Computer desk that Adam got in high school? Out the door.
The frame of the patio table? See ya!
Two old vacuums (that were decluttered to US), our broken patio umbrella, a spreader that doesn't work, battered lawn chairs, a wicker hamper that is falling apart and waiting to stab you under the fingernails? All gone.
We've got a long list of other things that won't be given quarter in our home, but we're trying to put things out a bit at a time, so everything is visible and as much gets picked up by the scavengers as possible. We are ruthless.
Except for the baby stuff.
I know, I know that realistically, we're done. The family is complete and I am at peace with that decision. We're in a great place. But somehow, it is incredibly hard to part with the baby stuff.
Adam and I were staring at the crib rails, currently holding court in a corner of our bedroom. In the past few months, both girls moved into toddler beds, and actually, Madison is now sleeping in her "big girl" twin bed, her crib stripped bare and abandoned in her room. We started to talk about what to do.
Adam: So what do we want to do about these?
Me: Ummm....I don't know. We won't be using them again.
Adam: So we should put them out? Or could we try to donate the cribs? Or sell them?
Me: No, Goodwill won't take anything a baby has slept in. And I thought I heard you aren't allowed to sell cribs? Maybe you are. But even if you can, they're both pretty chewed up. And it's not like these are handcrafted artisan cribs.
Adam: So we should put them out?
Me: I feel weird about just putting out the rail. No one will take just a rail. And then if we find out someone does want the cribs we won't have all four sides.
Adam: Madison doesn't use hers at all. Should we put the rail back on and put the whole crib out?
Me: Ummmm....I don't know.
We finally left it, reminding each other that we have a few more weeks to figure it out.
But I'm really not sure why we're hesitating. We are not picturing any more babies sleeping in cribs in our house. We aren't hoping we get to use these cribs again. There is no logical reason we need two cribs when both girls have outgrown the actual "crib", and we're staring at two spit up on, chewed up, stained rails. They are purely clutter. They should have been among the first things we hauled out. Why is it hard?

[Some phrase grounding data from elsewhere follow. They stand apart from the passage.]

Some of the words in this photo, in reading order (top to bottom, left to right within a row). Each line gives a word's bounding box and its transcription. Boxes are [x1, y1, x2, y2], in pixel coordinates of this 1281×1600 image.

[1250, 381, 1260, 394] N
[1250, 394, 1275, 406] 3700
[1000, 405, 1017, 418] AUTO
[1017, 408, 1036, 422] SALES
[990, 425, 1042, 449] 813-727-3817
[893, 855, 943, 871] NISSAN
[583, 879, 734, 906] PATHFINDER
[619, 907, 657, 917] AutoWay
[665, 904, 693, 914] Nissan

I think it's that they symbolize the last of the baby days. We've managed to give away and sell most of the smaller gear - the bouncers and swings and high chair. Burp clothes and towels have been turned into cleaning rags. I've been sorting through clothes and toys as Reagan outgrows them, making piles to consign, piles to sell, piles to donate, piles to pass on to friends. Although I've been cooing here and there over an adorable tiny dress or sleeper, I've generally been ok with this.
But the crib is hard to say goodbye to. When I was pregnant, it made the nursery feel like a nursery, rather than a room crowded with baby gear. Madison's crib saw her grow from a tiny newborn into a preschooler. Unlike the clothes, the gear, the toys, which all had a lifespan measured in months, this piece of furniture was constant for her first three and a half years. And even though she isn't using it, saying a true goodbye seems strange.

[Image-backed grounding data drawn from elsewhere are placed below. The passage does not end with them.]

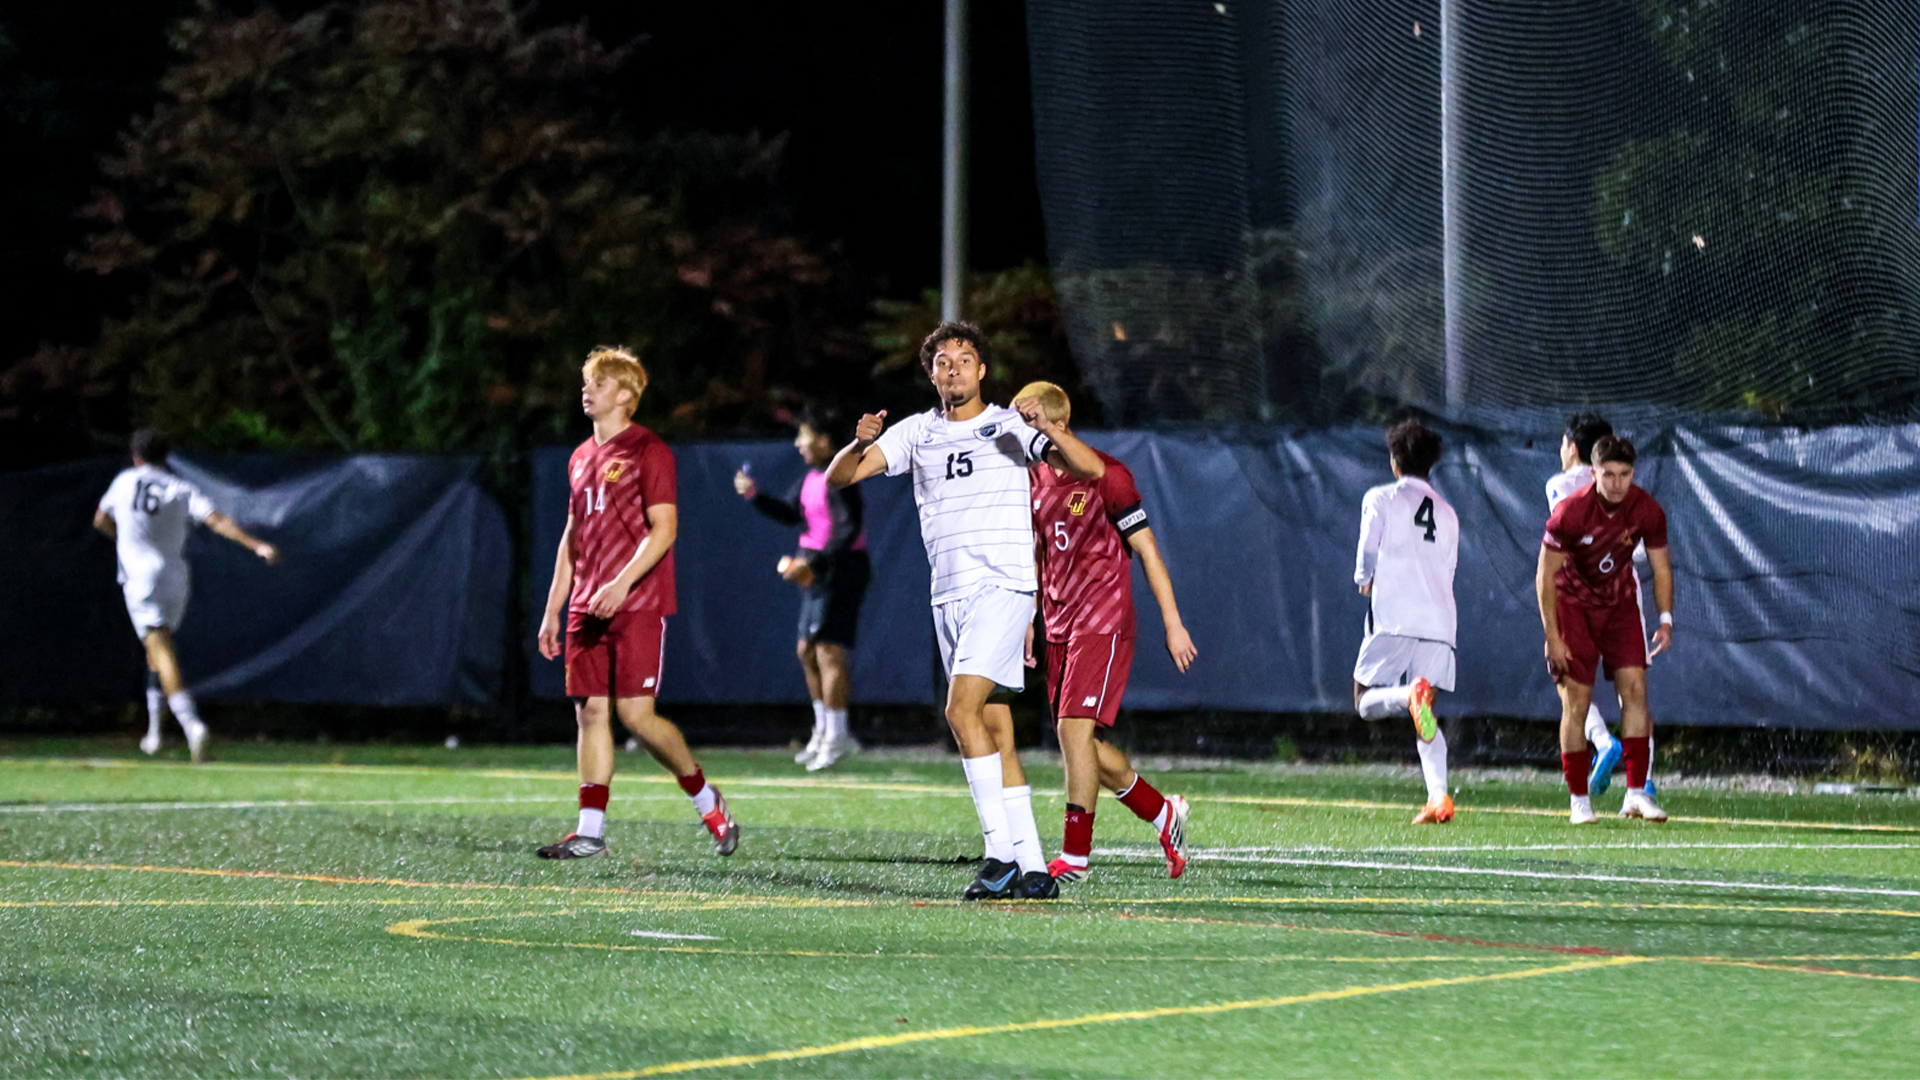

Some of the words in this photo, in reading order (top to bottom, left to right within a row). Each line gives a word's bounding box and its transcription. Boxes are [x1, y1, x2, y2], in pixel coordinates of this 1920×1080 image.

[945, 450, 974, 480] 15
[134, 480, 159, 515] 16
[584, 487, 606, 516] 14
[1414, 495, 1437, 543] 4
[1054, 521, 1069, 551] 5
[1598, 552, 1614, 574] 6

I don't have to say goodbye yet. I could give these cribs a pass until next time. I could scour Pinterest for ways to re-use them.
But if I do that, I'm just postponing the inevitable. I'm clinging to a material memory trying to slow the progression of time, but that isn't reality. The baby days are in their twilight. Both girls are growing into independent, feisty, individuals, who don't want to stay babies. And why would I want to keep them that way, when the little girls they are growing into are so amazing?
Today, the crib rails stay in our bedroom, and both rail-less cribs stay firmly in the girls' rooms.
Maybe in two weeks, I'll be ready to say goodbye. But if not, I'll know the end is coming.
And I'll be ok with that.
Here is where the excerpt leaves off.